Material for this exercise Block Start

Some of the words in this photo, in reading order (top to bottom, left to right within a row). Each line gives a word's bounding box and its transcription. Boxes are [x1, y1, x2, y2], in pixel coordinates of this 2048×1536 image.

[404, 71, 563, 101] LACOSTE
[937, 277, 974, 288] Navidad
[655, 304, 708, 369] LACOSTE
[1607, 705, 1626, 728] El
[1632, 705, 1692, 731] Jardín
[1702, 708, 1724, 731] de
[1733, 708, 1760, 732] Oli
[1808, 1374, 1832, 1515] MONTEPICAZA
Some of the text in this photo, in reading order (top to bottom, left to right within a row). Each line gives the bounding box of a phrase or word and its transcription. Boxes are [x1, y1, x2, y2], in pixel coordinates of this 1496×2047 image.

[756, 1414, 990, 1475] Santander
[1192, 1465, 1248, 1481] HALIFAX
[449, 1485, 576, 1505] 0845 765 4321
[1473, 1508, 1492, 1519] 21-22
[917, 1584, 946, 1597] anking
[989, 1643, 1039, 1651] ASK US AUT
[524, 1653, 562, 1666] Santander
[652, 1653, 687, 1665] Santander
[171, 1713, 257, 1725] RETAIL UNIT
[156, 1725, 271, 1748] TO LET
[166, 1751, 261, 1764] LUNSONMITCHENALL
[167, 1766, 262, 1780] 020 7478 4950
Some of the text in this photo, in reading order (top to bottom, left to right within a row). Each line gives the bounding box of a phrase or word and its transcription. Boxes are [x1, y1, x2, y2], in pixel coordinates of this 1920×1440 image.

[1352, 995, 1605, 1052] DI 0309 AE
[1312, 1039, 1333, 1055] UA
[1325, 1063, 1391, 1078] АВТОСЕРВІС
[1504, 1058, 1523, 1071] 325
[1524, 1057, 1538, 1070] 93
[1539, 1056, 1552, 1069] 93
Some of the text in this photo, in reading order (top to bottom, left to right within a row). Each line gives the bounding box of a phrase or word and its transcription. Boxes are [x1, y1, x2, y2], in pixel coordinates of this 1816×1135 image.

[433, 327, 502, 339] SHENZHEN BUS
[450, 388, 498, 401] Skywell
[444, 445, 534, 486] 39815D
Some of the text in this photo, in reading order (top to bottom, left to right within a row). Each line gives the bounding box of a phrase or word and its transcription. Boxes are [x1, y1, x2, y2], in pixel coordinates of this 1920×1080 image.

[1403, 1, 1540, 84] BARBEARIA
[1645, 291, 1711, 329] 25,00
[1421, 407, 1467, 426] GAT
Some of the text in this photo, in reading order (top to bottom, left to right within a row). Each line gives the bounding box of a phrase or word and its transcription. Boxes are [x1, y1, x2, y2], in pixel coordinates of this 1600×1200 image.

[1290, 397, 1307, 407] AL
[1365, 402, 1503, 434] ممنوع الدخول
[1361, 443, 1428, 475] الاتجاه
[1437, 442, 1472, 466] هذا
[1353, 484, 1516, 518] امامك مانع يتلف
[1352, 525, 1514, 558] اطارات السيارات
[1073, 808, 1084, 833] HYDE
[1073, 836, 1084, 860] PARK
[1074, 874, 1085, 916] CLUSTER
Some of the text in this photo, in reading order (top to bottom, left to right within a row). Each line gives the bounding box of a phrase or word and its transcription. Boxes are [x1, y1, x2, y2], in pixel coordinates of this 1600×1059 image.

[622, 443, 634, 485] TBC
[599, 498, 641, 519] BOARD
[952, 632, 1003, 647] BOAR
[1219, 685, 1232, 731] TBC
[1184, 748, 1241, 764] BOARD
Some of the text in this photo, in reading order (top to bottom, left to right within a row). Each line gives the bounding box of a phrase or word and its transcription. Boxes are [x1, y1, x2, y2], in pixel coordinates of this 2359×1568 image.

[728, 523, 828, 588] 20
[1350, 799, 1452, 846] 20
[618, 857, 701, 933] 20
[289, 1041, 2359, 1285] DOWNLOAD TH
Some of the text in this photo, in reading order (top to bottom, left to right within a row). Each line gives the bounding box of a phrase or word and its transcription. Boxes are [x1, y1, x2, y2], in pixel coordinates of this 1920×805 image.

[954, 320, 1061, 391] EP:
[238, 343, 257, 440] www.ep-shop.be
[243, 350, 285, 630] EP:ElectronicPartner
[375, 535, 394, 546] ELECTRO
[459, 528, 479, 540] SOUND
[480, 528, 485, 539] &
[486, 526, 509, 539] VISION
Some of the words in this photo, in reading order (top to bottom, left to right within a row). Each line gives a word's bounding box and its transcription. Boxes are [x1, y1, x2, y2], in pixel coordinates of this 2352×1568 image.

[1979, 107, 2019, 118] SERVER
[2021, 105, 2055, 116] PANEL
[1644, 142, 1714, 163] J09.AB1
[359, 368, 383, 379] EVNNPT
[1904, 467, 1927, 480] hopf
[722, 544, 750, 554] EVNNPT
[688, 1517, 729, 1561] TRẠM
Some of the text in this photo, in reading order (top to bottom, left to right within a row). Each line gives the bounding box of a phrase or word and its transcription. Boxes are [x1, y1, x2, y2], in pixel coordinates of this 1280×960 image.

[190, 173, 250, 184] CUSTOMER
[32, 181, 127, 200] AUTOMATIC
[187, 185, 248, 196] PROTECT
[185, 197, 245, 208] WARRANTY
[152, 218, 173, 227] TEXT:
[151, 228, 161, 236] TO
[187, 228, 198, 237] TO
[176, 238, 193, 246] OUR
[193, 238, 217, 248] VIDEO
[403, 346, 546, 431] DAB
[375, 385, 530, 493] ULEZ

Material for this exercise Block End

Instructions for the task: All the data needs repeating. Return it exactly.

Output of the task:
Some of the words in this photo, in reading order (top to bottom, left to right within a row). Each line gives a word's bounding box and its transcription. Boxes are [x1, y1, x2, y2], in pixel coordinates of this 2048×1536 image.

[404, 71, 563, 101] LACOSTE
[937, 277, 974, 288] Navidad
[655, 304, 708, 369] LACOSTE
[1607, 705, 1626, 728] El
[1632, 705, 1692, 731] Jardín
[1702, 708, 1724, 731] de
[1733, 708, 1760, 732] Oli
[1808, 1374, 1832, 1515] MONTEPICAZA
Some of the text in this photo, in reading order (top to bottom, left to right within a row). Each line gives the bounding box of a phrase or word and its transcription. Boxes are [x1, y1, x2, y2], in pixel coordinates of this 1496×2047 image.

[756, 1414, 990, 1475] Santander
[1192, 1465, 1248, 1481] HALIFAX
[449, 1485, 576, 1505] 0845 765 4321
[1473, 1508, 1492, 1519] 21-22
[917, 1584, 946, 1597] anking
[989, 1643, 1039, 1651] ASK US AUT
[524, 1653, 562, 1666] Santander
[652, 1653, 687, 1665] Santander
[171, 1713, 257, 1725] RETAIL UNIT
[156, 1725, 271, 1748] TO LET
[166, 1751, 261, 1764] LUNSONMITCHENALL
[167, 1766, 262, 1780] 020 7478 4950
Some of the text in this photo, in reading order (top to bottom, left to right within a row). Each line gives the bounding box of a phrase or word and its transcription. Boxes are [x1, y1, x2, y2], in pixel coordinates of this 1920×1440 image.

[1352, 995, 1605, 1052] DI 0309 AE
[1312, 1039, 1333, 1055] UA
[1325, 1063, 1391, 1078] АВТОСЕРВІС
[1504, 1058, 1523, 1071] 325
[1524, 1057, 1538, 1070] 93
[1539, 1056, 1552, 1069] 93
Some of the text in this photo, in reading order (top to bottom, left to right within a row). Each line gives the bounding box of a phrase or word and its transcription. Boxes are [x1, y1, x2, y2], in pixel coordinates of this 1816×1135 image.

[433, 327, 502, 339] SHENZHEN BUS
[450, 388, 498, 401] Skywell
[444, 445, 534, 486] 39815D
Some of the text in this photo, in reading order (top to bottom, left to right within a row). Each line gives the bounding box of a phrase or word and its transcription. Boxes are [x1, y1, x2, y2], in pixel coordinates of this 1920×1080 image.

[1403, 1, 1540, 84] BARBEARIA
[1645, 291, 1711, 329] 25,00
[1421, 407, 1467, 426] GAT
Some of the text in this photo, in reading order (top to bottom, left to right within a row). Each line gives the bounding box of a phrase or word and its transcription. Boxes are [x1, y1, x2, y2], in pixel coordinates of this 1600×1200 image.

[1290, 397, 1307, 407] AL
[1365, 402, 1503, 434] ممنوع الدخول
[1361, 443, 1428, 475] الاتجاه
[1437, 442, 1472, 466] هذا
[1353, 484, 1516, 518] امامك مانع يتلف
[1352, 525, 1514, 558] اطارات السيارات
[1073, 808, 1084, 833] HYDE
[1073, 836, 1084, 860] PARK
[1074, 874, 1085, 916] CLUSTER
Some of the text in this photo, in reading order (top to bottom, left to right within a row). Each line gives the bounding box of a phrase or word and its transcription. Boxes are [x1, y1, x2, y2], in pixel coordinates of this 1600×1059 image.

[622, 443, 634, 485] TBC
[599, 498, 641, 519] BOARD
[952, 632, 1003, 647] BOAR
[1219, 685, 1232, 731] TBC
[1184, 748, 1241, 764] BOARD
Some of the text in this photo, in reading order (top to bottom, left to right within a row). Each line gives the bounding box of a phrase or word and its transcription. Boxes are [x1, y1, x2, y2], in pixel coordinates of this 2359×1568 image.

[728, 523, 828, 588] 20
[1350, 799, 1452, 846] 20
[618, 857, 701, 933] 20
[289, 1041, 2359, 1285] DOWNLOAD TH
Some of the text in this photo, in reading order (top to bottom, left to right within a row). Each line gives the bounding box of a phrase or word and its transcription. Boxes are [x1, y1, x2, y2], in pixel coordinates of this 1920×805 image.

[954, 320, 1061, 391] EP:
[238, 343, 257, 440] www.ep-shop.be
[243, 350, 285, 630] EP:ElectronicPartner
[375, 535, 394, 546] ELECTRO
[459, 528, 479, 540] SOUND
[480, 528, 485, 539] &
[486, 526, 509, 539] VISION
Some of the words in this photo, in reading order (top to bottom, left to right within a row). Each line gives a word's bounding box and its transcription. Boxes are [x1, y1, x2, y2], in pixel coordinates of this 2352×1568 image.

[1979, 107, 2019, 118] SERVER
[2021, 105, 2055, 116] PANEL
[1644, 142, 1714, 163] J09.AB1
[359, 368, 383, 379] EVNNPT
[1904, 467, 1927, 480] hopf
[722, 544, 750, 554] EVNNPT
[688, 1517, 729, 1561] TRẠM
Some of the text in this photo, in reading order (top to bottom, left to right within a row). Each line gives the bounding box of a phrase or word and its transcription. Boxes are [x1, y1, x2, y2], in pixel coordinates of this 1280×960 image.

[190, 173, 250, 184] CUSTOMER
[32, 181, 127, 200] AUTOMATIC
[187, 185, 248, 196] PROTECT
[185, 197, 245, 208] WARRANTY
[152, 218, 173, 227] TEXT:
[151, 228, 161, 236] TO
[187, 228, 198, 237] TO
[176, 238, 193, 246] OUR
[193, 238, 217, 248] VIDEO
[403, 346, 546, 431] DAB
[375, 385, 530, 493] ULEZ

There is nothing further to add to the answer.